L’Union européenne fait pression sur Dexia

Dexia est de nouveau dans le collimateur de la commission européenne. Cette dernière souhaite que le groupe franco-belge ferme ou cède plusieurs de ses activités en échange des aides publiques qu’il a reçu. La compagnie pourrait être contrainte de se retirer de certains pays dans lesquels elle a déjà réduit ses secteurs de compétence.

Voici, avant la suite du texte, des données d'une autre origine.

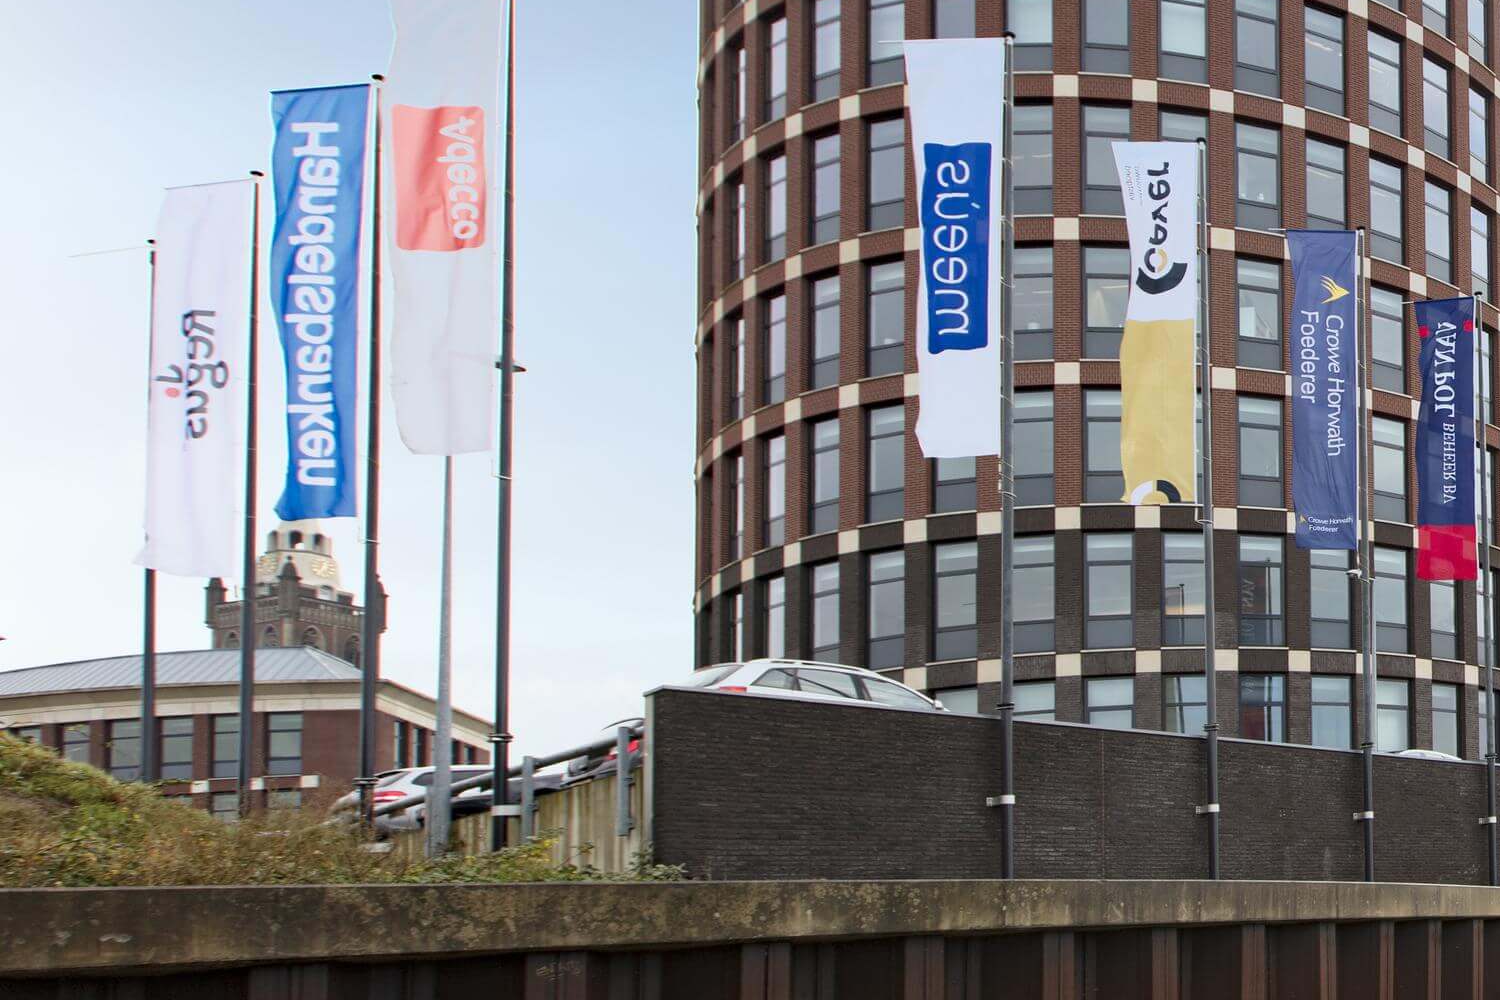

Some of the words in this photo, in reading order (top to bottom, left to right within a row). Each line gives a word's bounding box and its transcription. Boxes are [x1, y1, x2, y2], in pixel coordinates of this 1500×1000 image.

[1300, 310, 1320, 404] Foederer
[1326, 315, 1344, 373] Crowe
[1327, 378, 1346, 456] Horwath
[1308, 516, 1329, 525] Crowe
[1329, 516, 1354, 525] Horwath
[1308, 524, 1338, 533] Foederer

Japon, États-Unis, Grande-Bretagne ou bien encore Slovaquie, c’est la liste des pays que le groupe devrait être amené a quitter sous la pression des autorités européennes. Ses activités espagnoles ou encore italiennes avec la filiale Crediop sont aussi sur la sellette, cette dernière devrait être vendue d’ici peu. De plus, Dexia serait même contraint de céder sa filiale bancaire Denizbank qui se trouve en Turquie. La direction du groupe s’y oppose pourtant fermement.

La commission européenne a précisé qu’elle prendrait une décision sur la restructuration de Dexia d’ici fin février 2010. Pierre Mariani, administrateur délégué de Dexia, s’est refusé à tout commentaire, il a seulement précisé que les discussions avec la commission se poursuivaient. Il ne s’est pas exprimé non plus sur une pseudo fusion entre la banque franco-belge et la Société Générale.

Pour rappel, Dexia a été sauvé de la faillite en 2008 grâce à une aide de 6,4 Mds d’euros de la France, de la Belgique et du Luxembourg. En juillet dernier, la compagnie avait déjà dû vendre sa filiale américaine de recouvrement de crédit FSA à Assured Guaranty.